• WORK REQUIRED: Every record that follows must be duplicated exactly, with images left out.

• DATA FOR THE TASK:
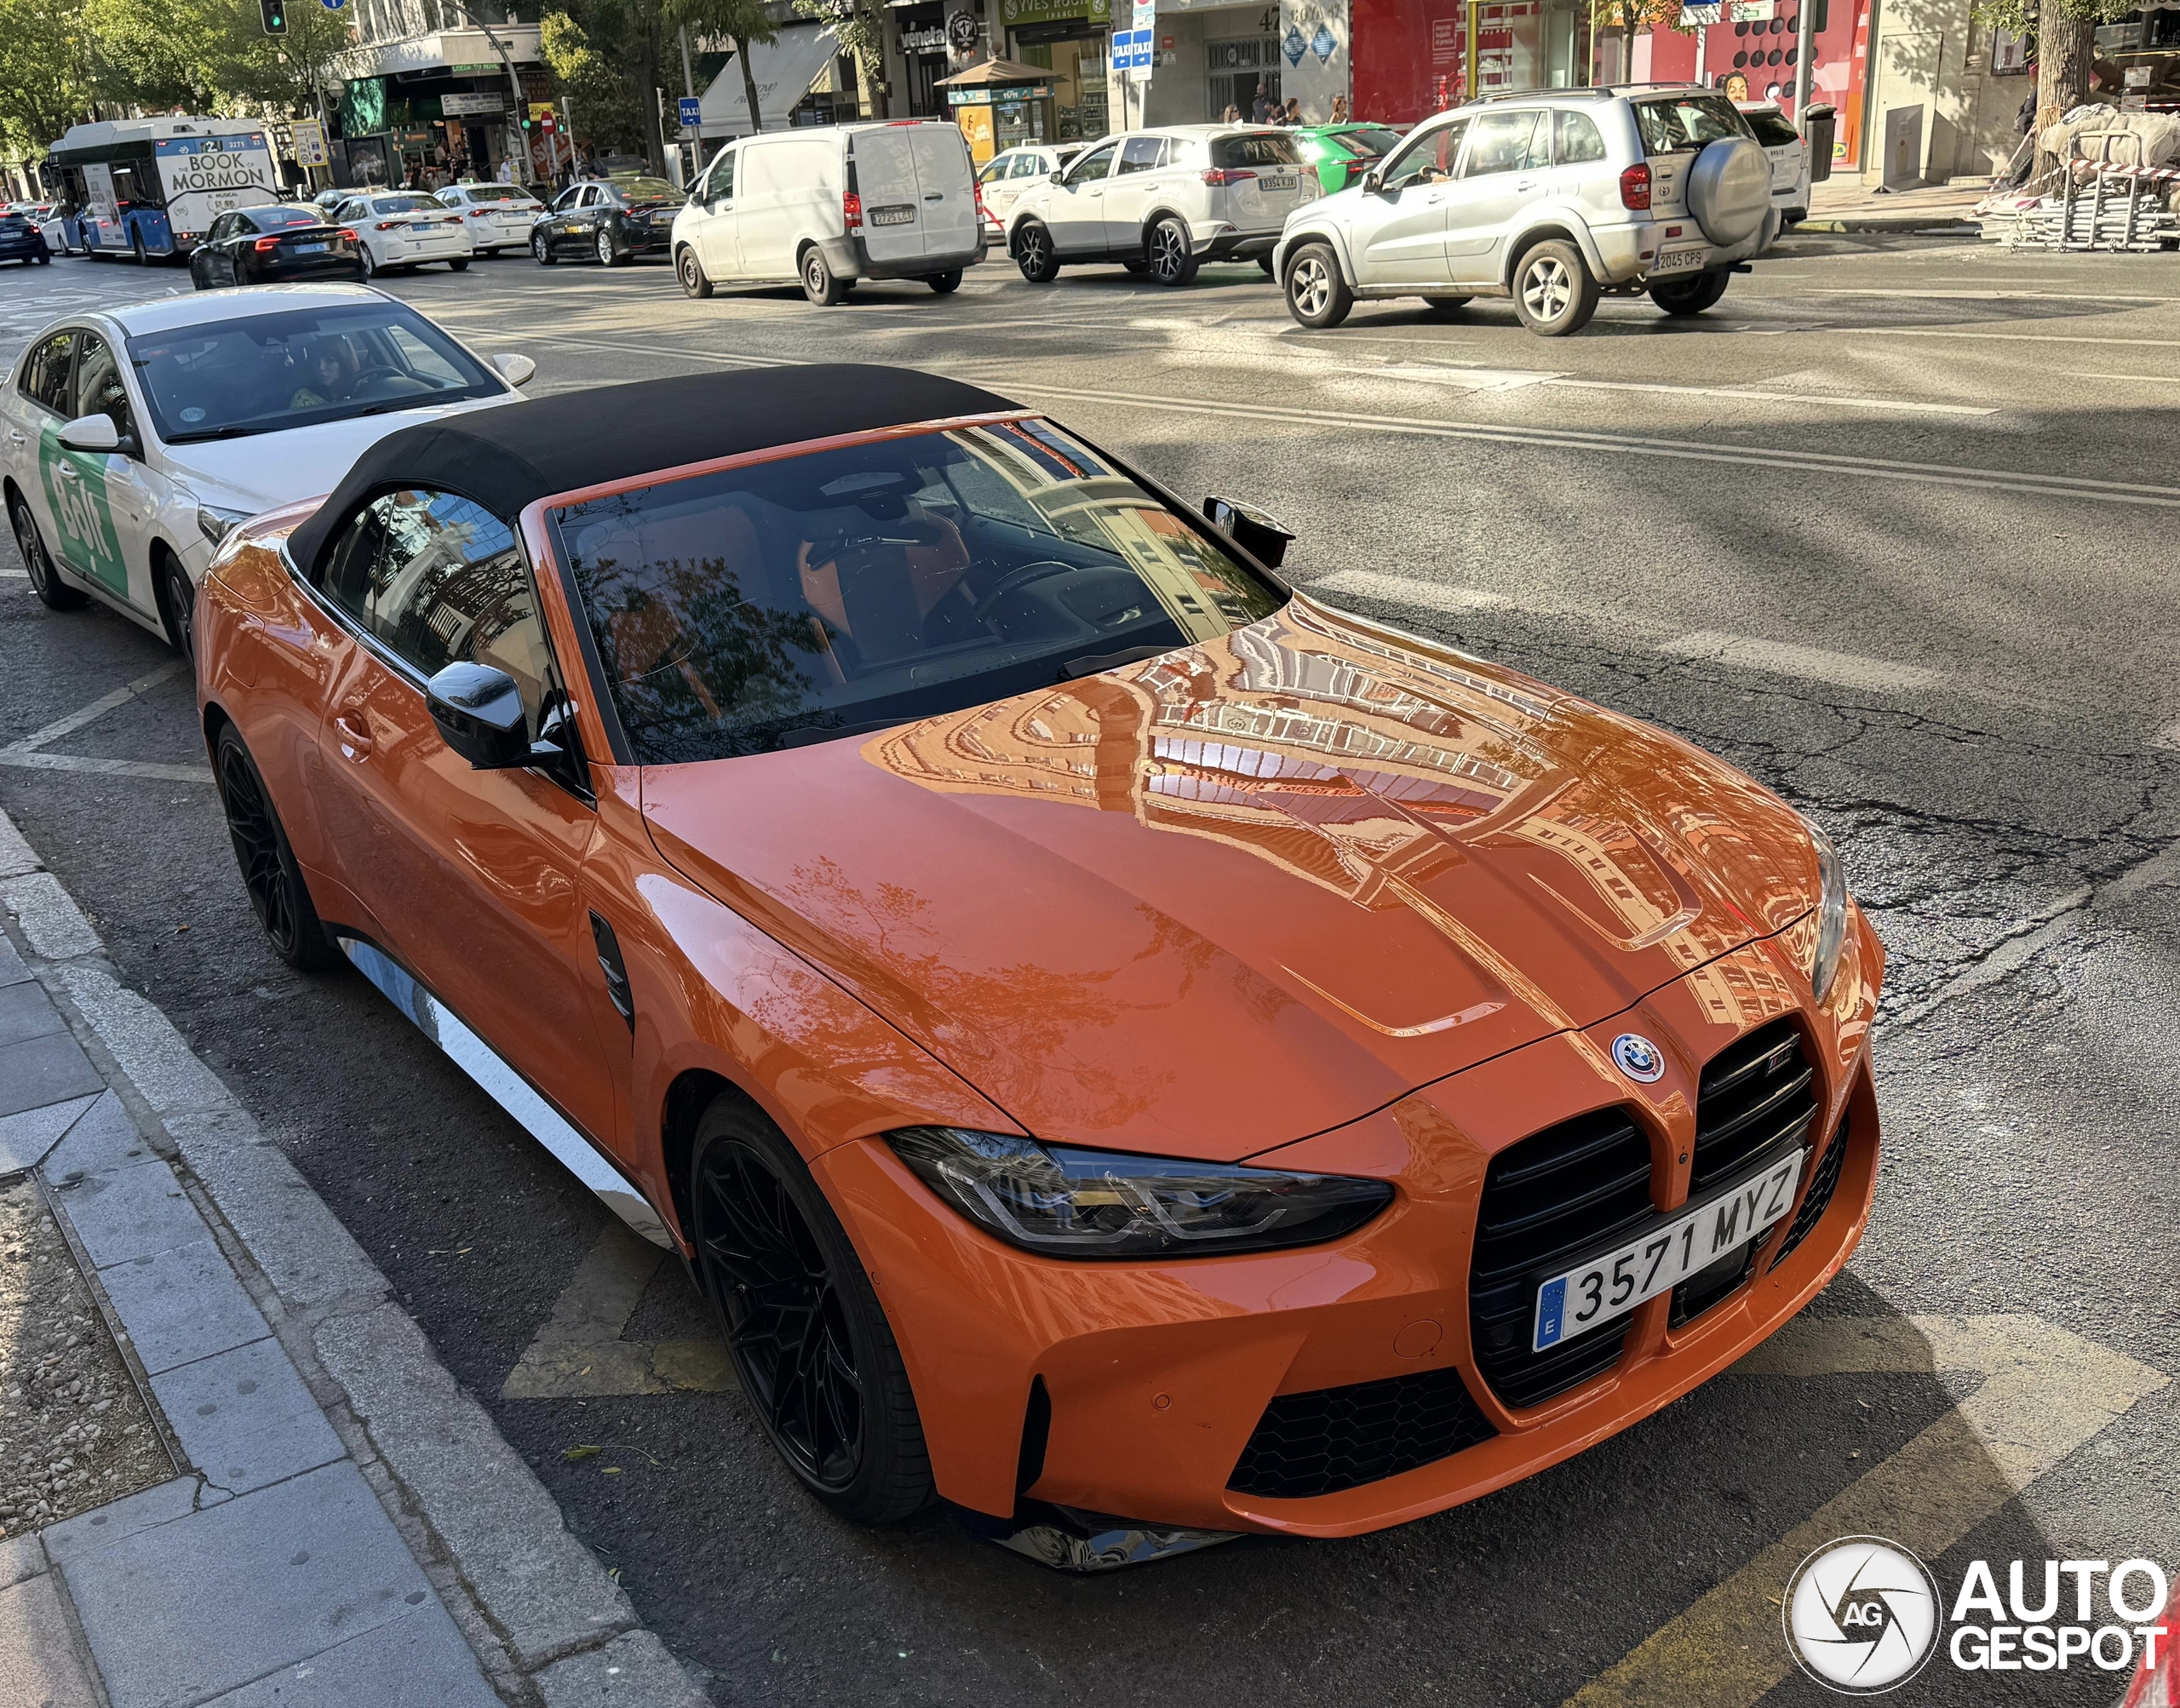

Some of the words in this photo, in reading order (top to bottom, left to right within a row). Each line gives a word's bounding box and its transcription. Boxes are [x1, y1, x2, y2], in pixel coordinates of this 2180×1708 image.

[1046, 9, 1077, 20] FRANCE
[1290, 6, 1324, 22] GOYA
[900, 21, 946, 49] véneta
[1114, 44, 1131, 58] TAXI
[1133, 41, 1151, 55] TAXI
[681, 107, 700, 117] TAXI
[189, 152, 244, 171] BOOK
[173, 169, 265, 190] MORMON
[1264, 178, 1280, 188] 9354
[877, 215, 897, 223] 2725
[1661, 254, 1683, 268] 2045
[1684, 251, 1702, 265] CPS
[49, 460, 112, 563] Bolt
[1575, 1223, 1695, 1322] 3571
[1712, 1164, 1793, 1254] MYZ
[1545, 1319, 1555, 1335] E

• ANSWER TO THE PROBLEM:
Some of the words in this photo, in reading order (top to bottom, left to right within a row). Each line gives a word's bounding box and its transcription. Boxes are [x1, y1, x2, y2], in pixel coordinates of this 2180×1708 image.

[1046, 9, 1077, 20] FRANCE
[1290, 6, 1324, 22] GOYA
[900, 21, 946, 49] véneta
[1114, 44, 1131, 58] TAXI
[1133, 41, 1151, 55] TAXI
[681, 107, 700, 117] TAXI
[189, 152, 244, 171] BOOK
[173, 169, 265, 190] MORMON
[1264, 178, 1280, 188] 9354
[877, 215, 897, 223] 2725
[1661, 254, 1683, 268] 2045
[1684, 251, 1702, 265] CPS
[49, 460, 112, 563] Bolt
[1575, 1223, 1695, 1322] 3571
[1712, 1164, 1793, 1254] MYZ
[1545, 1319, 1555, 1335] E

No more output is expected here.